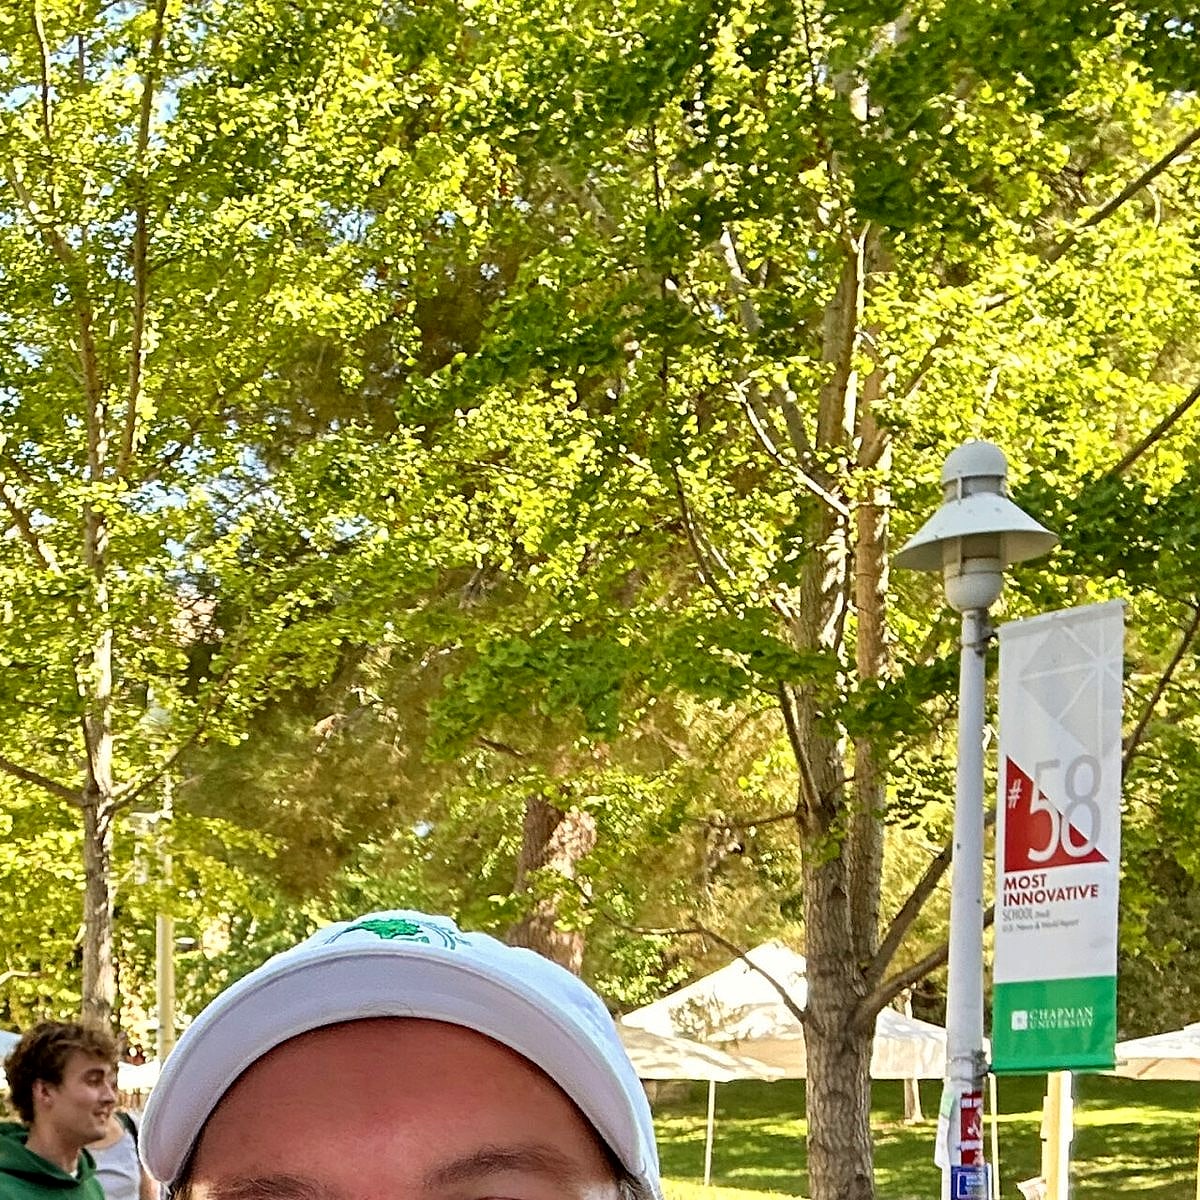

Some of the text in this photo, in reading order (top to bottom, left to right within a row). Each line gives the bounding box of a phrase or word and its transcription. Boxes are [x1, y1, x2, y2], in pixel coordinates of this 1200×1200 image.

[1003, 873, 1047, 891] MOST
[1003, 884, 1099, 907] INNOVATIVE
[1002, 907, 1033, 921] SCHOOL
[1029, 1007, 1094, 1020] CHAPMAN
[1029, 1018, 1095, 1029] UNIVERSITY
○ ○ ○ ○ ○ ○ ○
Word for word, print the material above, but without its pictures.

Some of the text in this photo, in reading order (top to bottom, left to right within a row). Each line gives the bounding box of a phrase or word and its transcription. Boxes are [x1, y1, x2, y2], in pixel coordinates of this 1200×1200 image.

[1003, 873, 1047, 891] MOST
[1003, 884, 1099, 907] INNOVATIVE
[1002, 907, 1033, 921] SCHOOL
[1029, 1007, 1094, 1020] CHAPMAN
[1029, 1018, 1095, 1029] UNIVERSITY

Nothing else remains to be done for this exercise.